An international study has come out strongly against the use of sunbeds or tanning beds, especially in persons aged below 35 years.
According to the Working Group on artificial UV light and skin cancer of the International Agency for Research on Cancer (IARC), persons who use these tanning beds in order to avoid skin damage from sun exposure end up exposing themselves to higher risks of developing melanoma, the most dreaded skin cancer.
The group which published the report in the International Journal of Cancer, reviewed all studies on the subject done up to March 2006.
Based on 19 studies, the group found that out of men or women who ever used sunbeds, 15 percent were more likely to develop melanoma.

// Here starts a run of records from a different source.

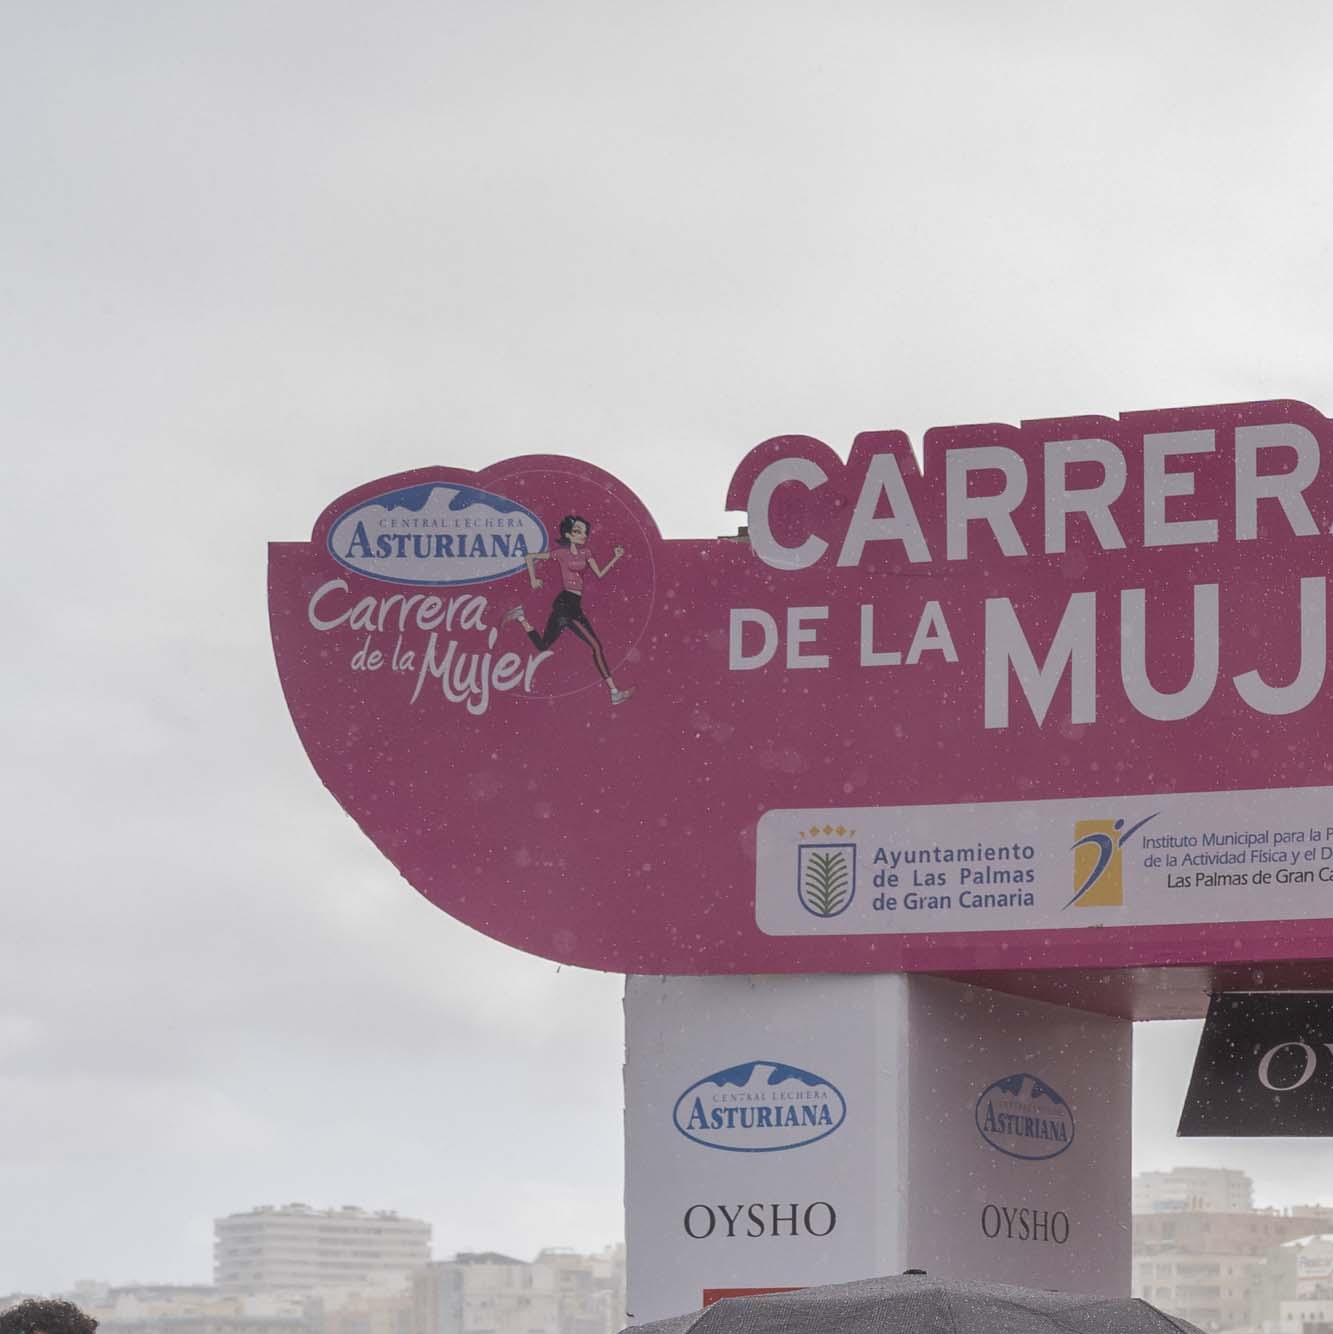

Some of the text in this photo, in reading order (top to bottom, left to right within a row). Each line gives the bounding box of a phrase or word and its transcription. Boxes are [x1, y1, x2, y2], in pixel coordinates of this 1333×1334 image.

[379, 514, 524, 530] CENTRAL LECHERA
[345, 520, 529, 562] ASTURIANA
[308, 578, 489, 635] Carrera
[728, 605, 829, 670] DE
[860, 601, 959, 667] LA
[351, 629, 554, 714] de la Mujer
[1142, 830, 1197, 850] Instituto
[1201, 827, 1269, 849] Municipal
[1273, 831, 1304, 848] para
[1308, 827, 1322, 843] la
[873, 843, 1035, 868] Ayuntamiento
[1144, 852, 1162, 869] de
[1165, 851, 1178, 867] la
[1182, 848, 1246, 867] Actividad
[1251, 846, 1287, 865] Física
[1291, 851, 1301, 865] y
[1304, 846, 1316, 862] el
[873, 863, 1035, 889] de Las Palmas
[1167, 870, 1191, 889] Las
[1194, 867, 1249, 888] Palmas
[1252, 866, 1271, 885] de
[1275, 866, 1314, 885] Gran
[873, 888, 1035, 911] de Gran Canaria
[713, 1089, 828, 1102] CENTRAL LECHERA
[687, 1096, 833, 1131] ASTURIANA
[984, 1104, 1068, 1142] ASTURIANA
[683, 1201, 837, 1239] OYSHO
[981, 1204, 1069, 1244] OYSHO
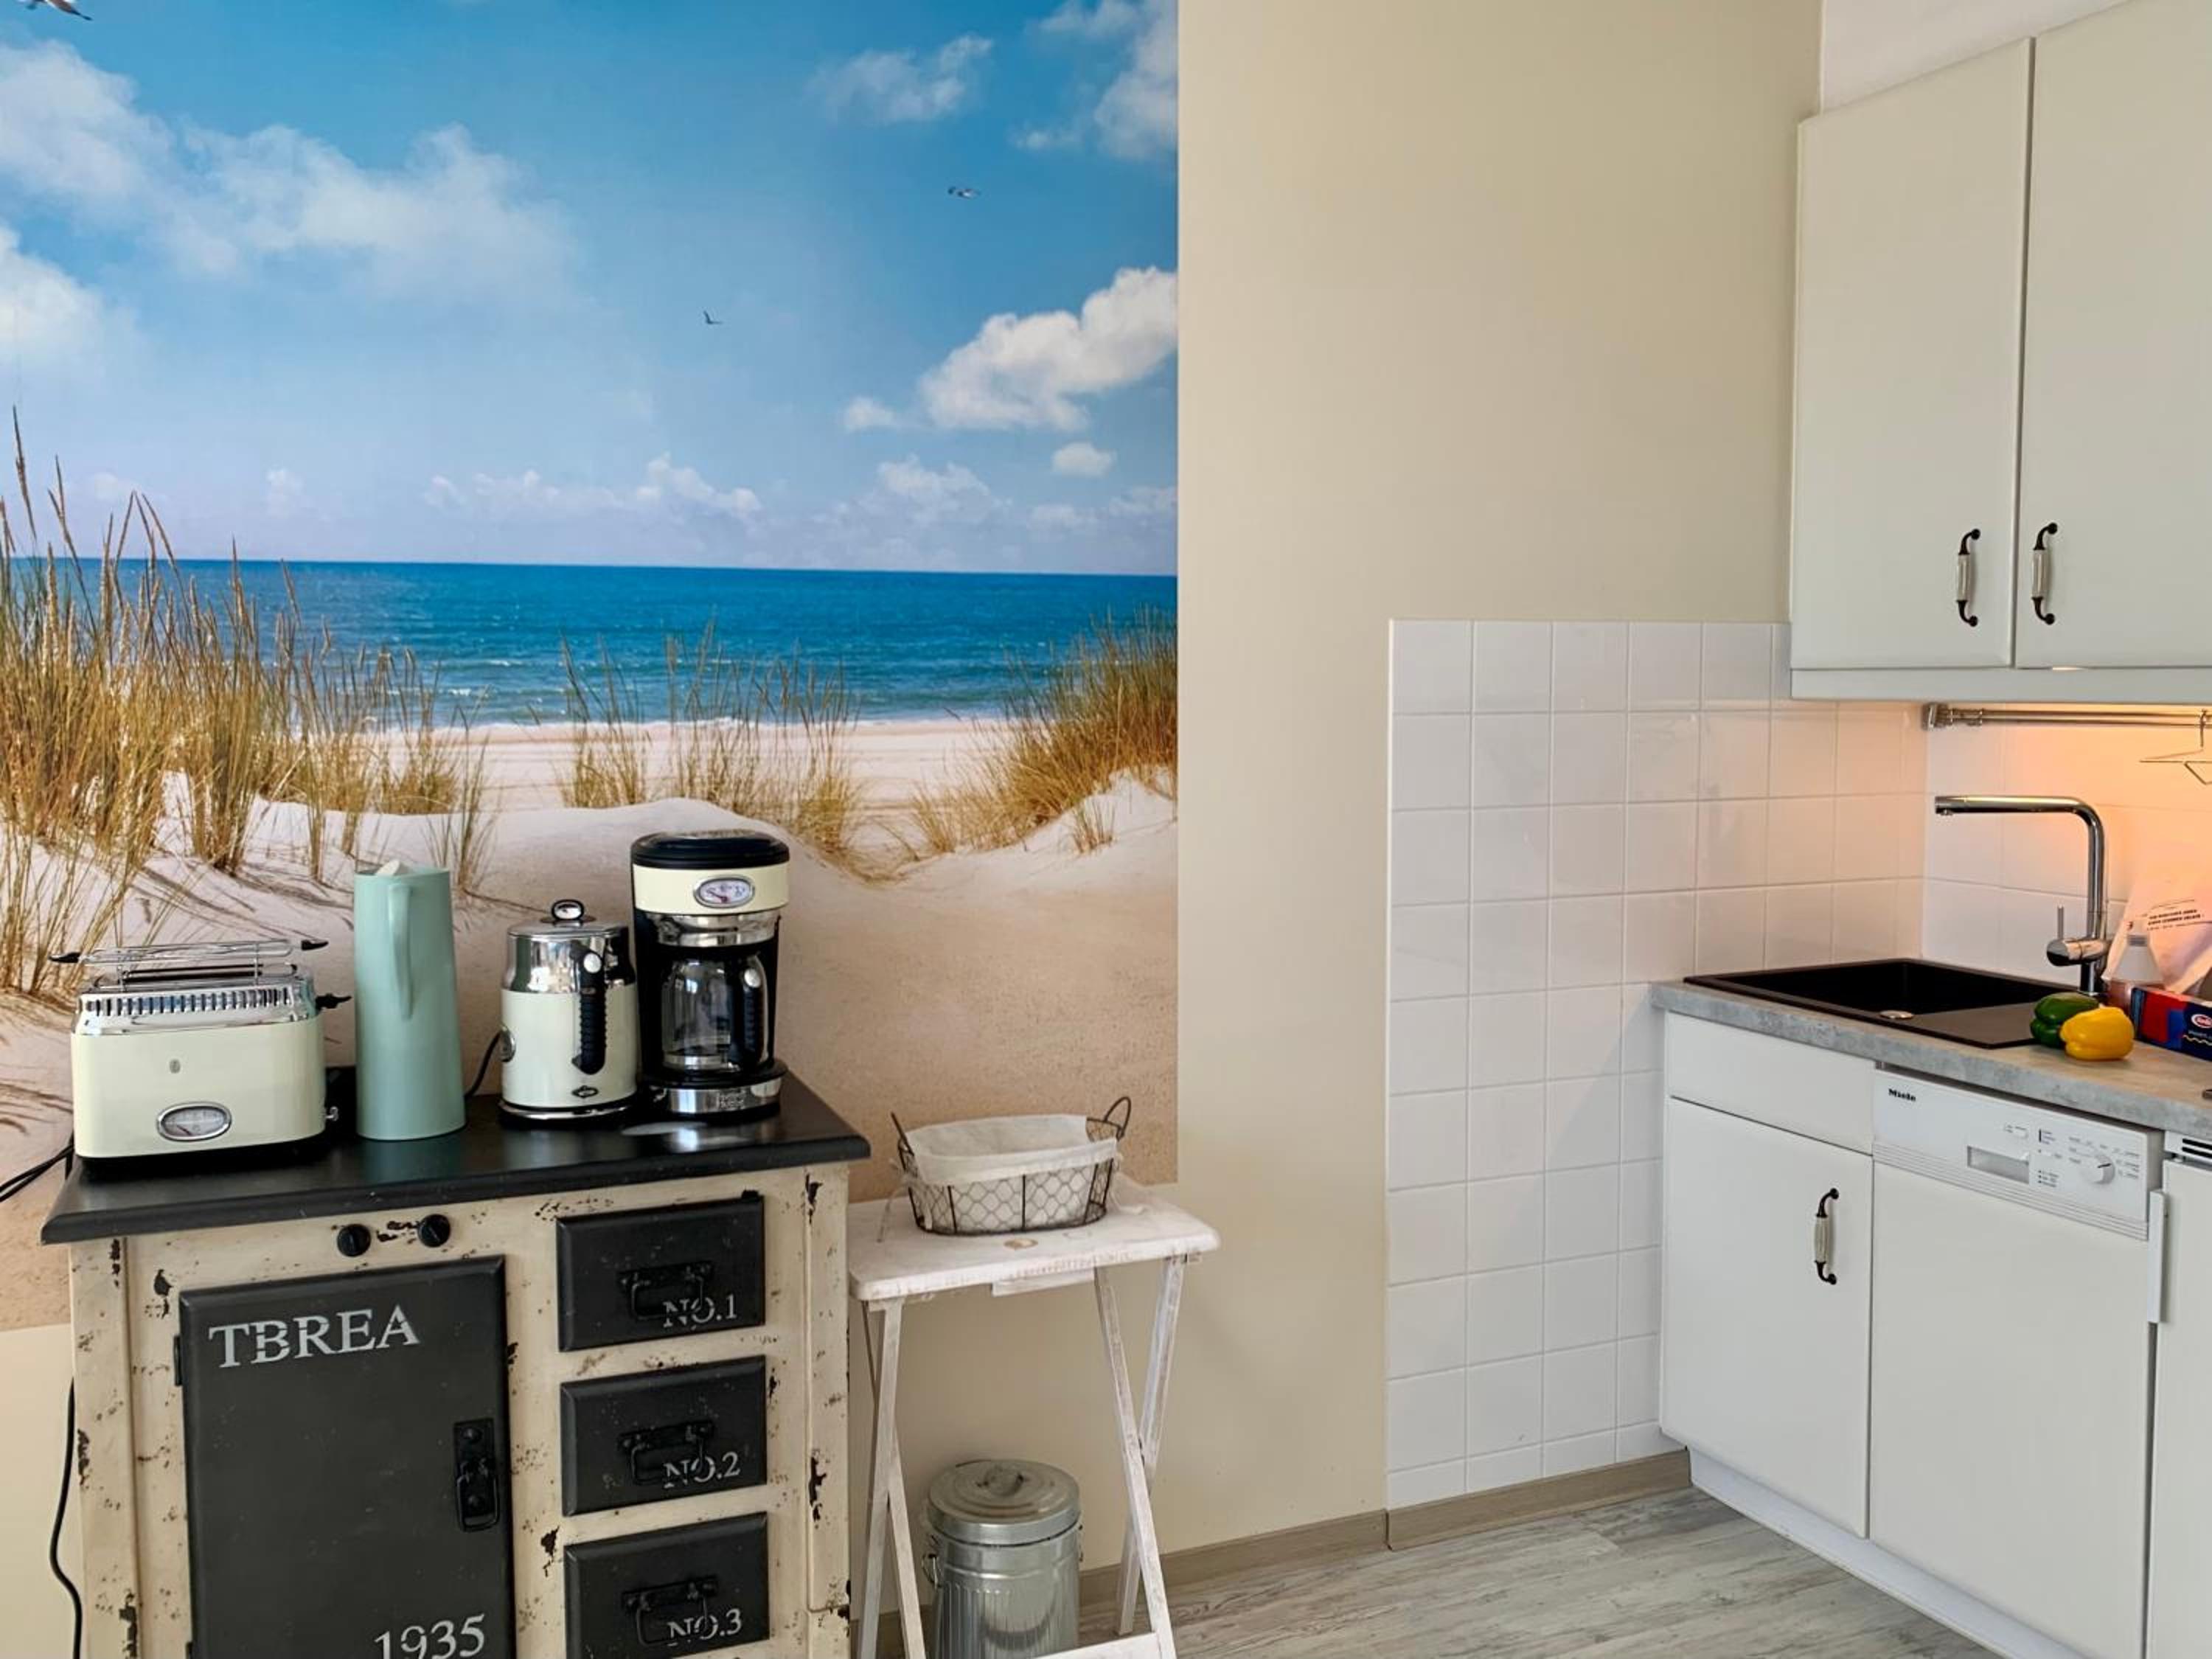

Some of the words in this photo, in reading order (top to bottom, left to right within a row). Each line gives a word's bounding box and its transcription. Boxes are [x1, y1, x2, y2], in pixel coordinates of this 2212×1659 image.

[663, 1293, 737, 1328] NO.1
[209, 1304, 420, 1368] TBREA
[664, 1451, 741, 1489] NO.2
[374, 1613, 485, 1659] 1935
[667, 1608, 742, 1646] NO.3
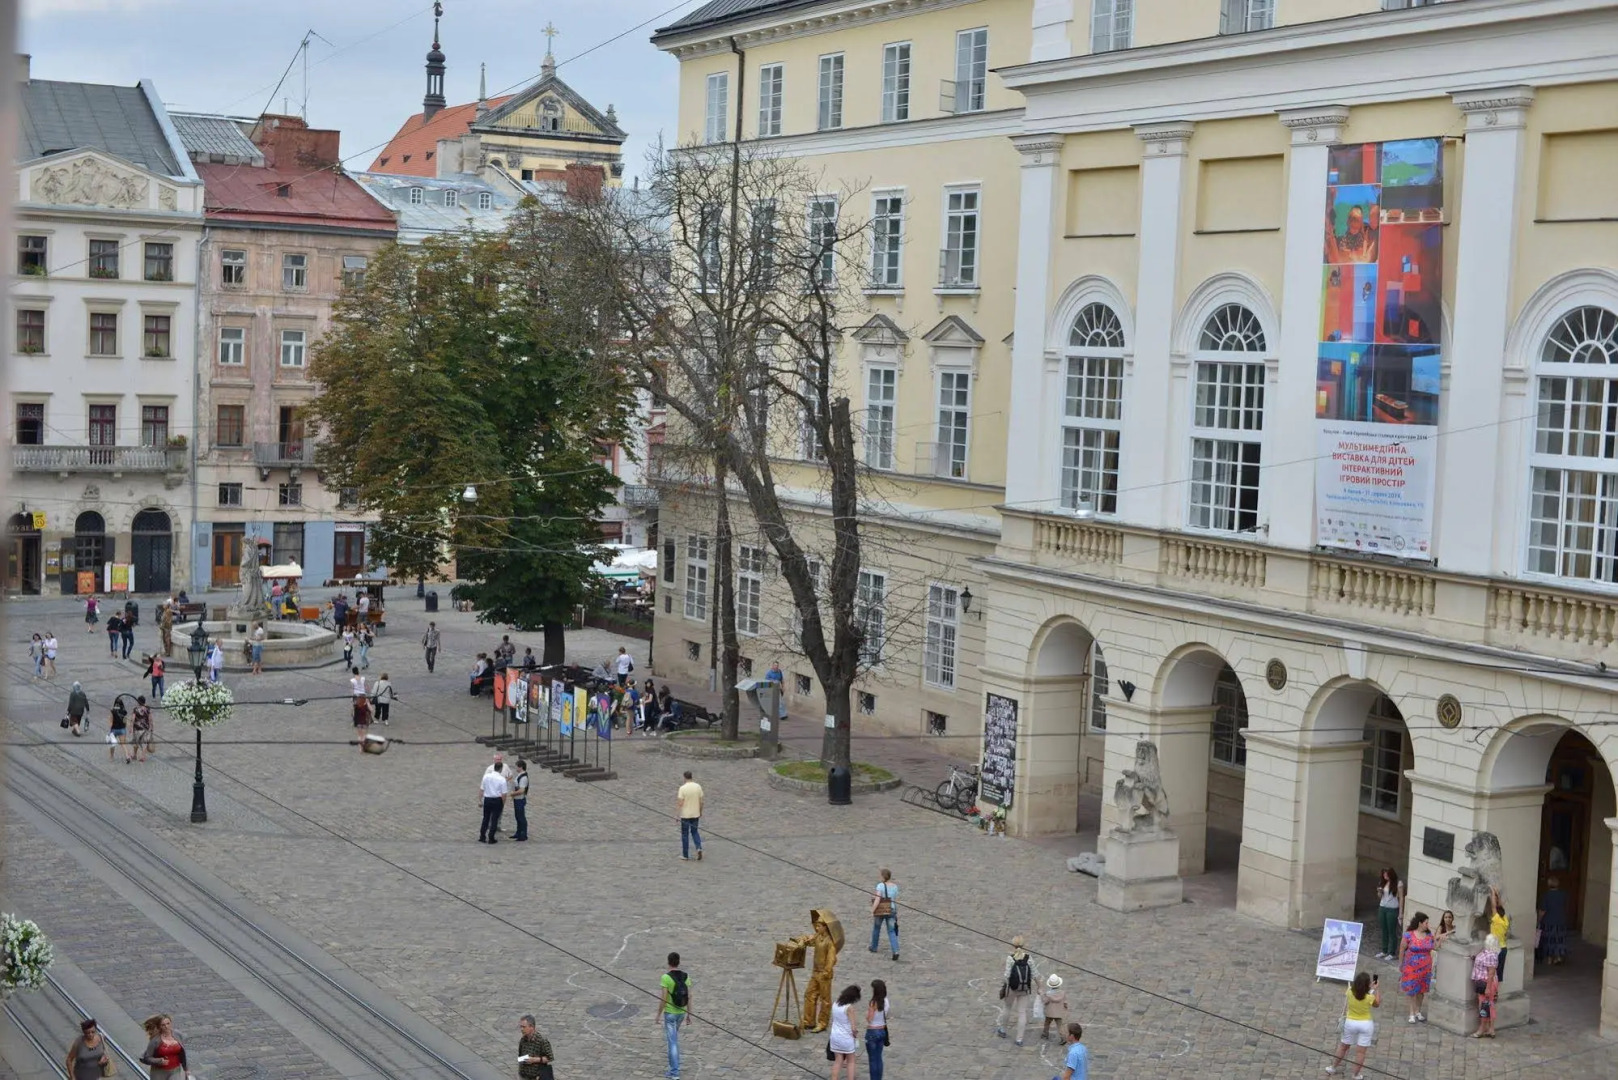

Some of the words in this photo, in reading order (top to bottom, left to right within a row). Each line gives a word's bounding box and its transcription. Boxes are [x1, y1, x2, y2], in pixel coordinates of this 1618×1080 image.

[1338, 441, 1407, 455] МУЛЬТИМЕДІЙНА
[1332, 452, 1369, 463] ВИСТАВКА
[1370, 455, 1387, 465] ДЛЯ
[1388, 456, 1415, 467] ДІТЕЙ
[1341, 464, 1403, 476] ІНТЕРАКТИВНИЙ
[1340, 474, 1371, 484] ІГРОВИЙ
[1372, 476, 1406, 487] ПРОСТІР

A review of seven studies found that exposure to tanning beds before age 35 boosted melanoma risk by 75 percent.
While three studies of a less-deadly type of skin cancer, squamous cell carcinoma, also found increased risk with sunbed exposure, research did not support a link with basal cell carcinoma, another common type of skin cancer.
In the light of these discoveries, the IARC has called for urgent action from the government in regulating the use of tanning chambers, especially for young people.
The group concludes: "The strength of the existing evidence suggests that policy makers should strongly consider enacting measures such as restricting minors and discouraging young adults from using indoor tanning equipment, in order to protect the general population from additional risk for melanoma and squamous cell skin cancer."